## HOW TO COMPLETE THIS TASK
Every record below should be printed again exactly, with its pictures removed.
*** SUPPLIED DATA Section Begins ***
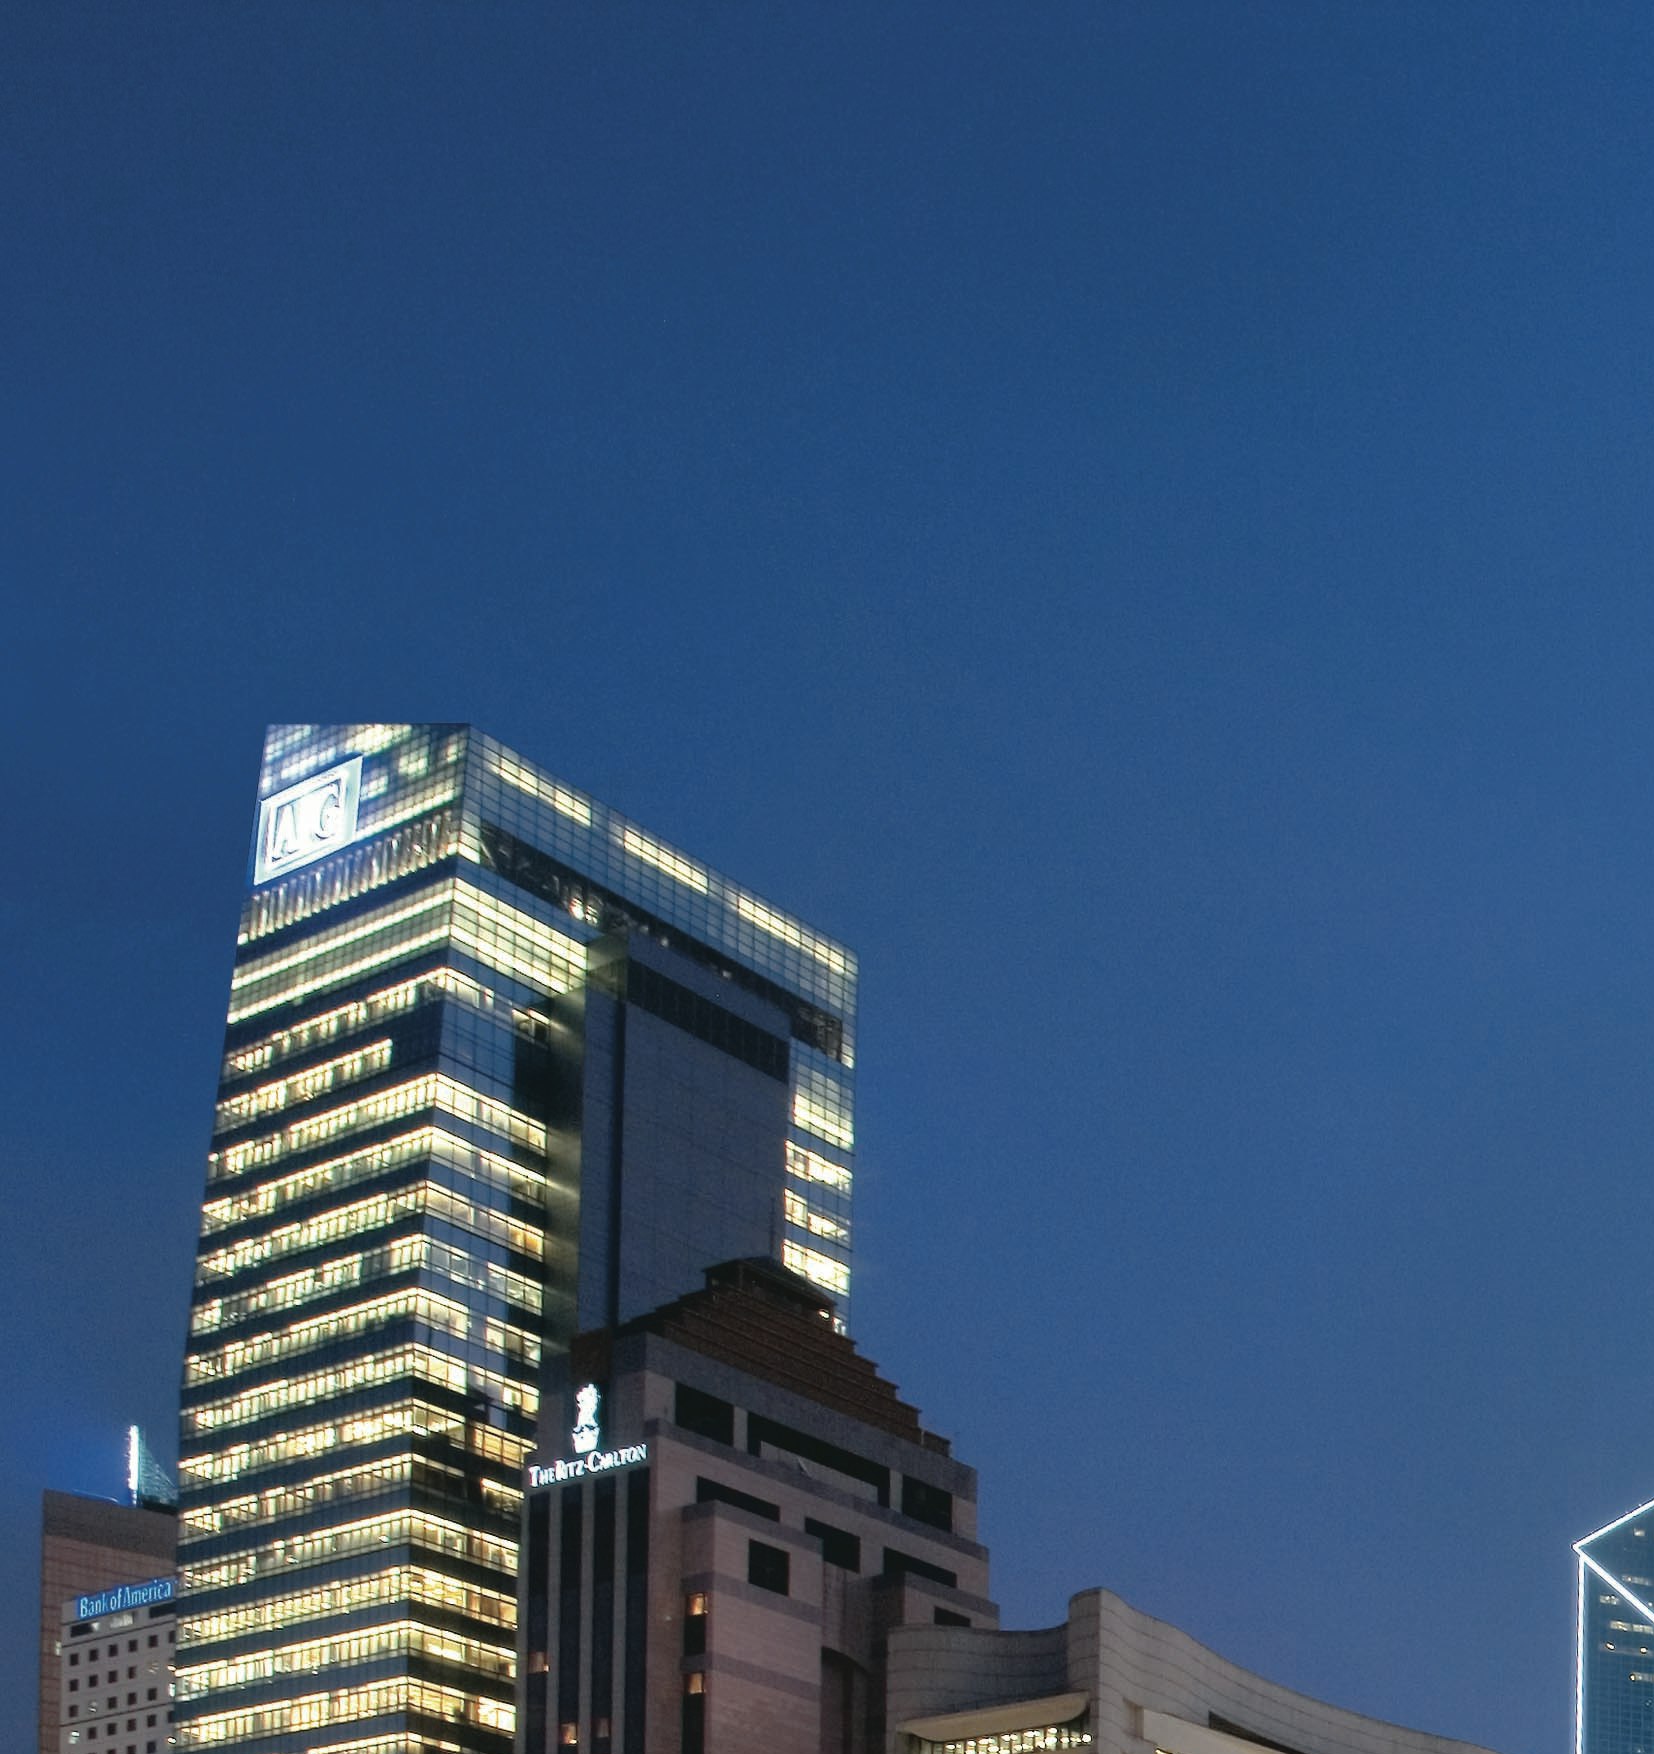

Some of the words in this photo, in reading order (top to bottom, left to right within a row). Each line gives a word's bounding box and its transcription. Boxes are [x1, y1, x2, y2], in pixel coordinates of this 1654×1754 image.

[271, 778, 341, 861] AG
[80, 1593, 108, 1617] Bank
[110, 1588, 122, 1610] of
[122, 1579, 171, 1607] America
*** SUPPLIED DATA Section Ends ***
## SOLUTION TO THIS PROBLEM
Some of the words in this photo, in reading order (top to bottom, left to right within a row). Each line gives a word's bounding box and its transcription. Boxes are [x1, y1, x2, y2], in pixel coordinates of this 1654×1754 image.

[271, 778, 341, 861] AG
[80, 1593, 108, 1617] Bank
[110, 1588, 122, 1610] of
[122, 1579, 171, 1607] America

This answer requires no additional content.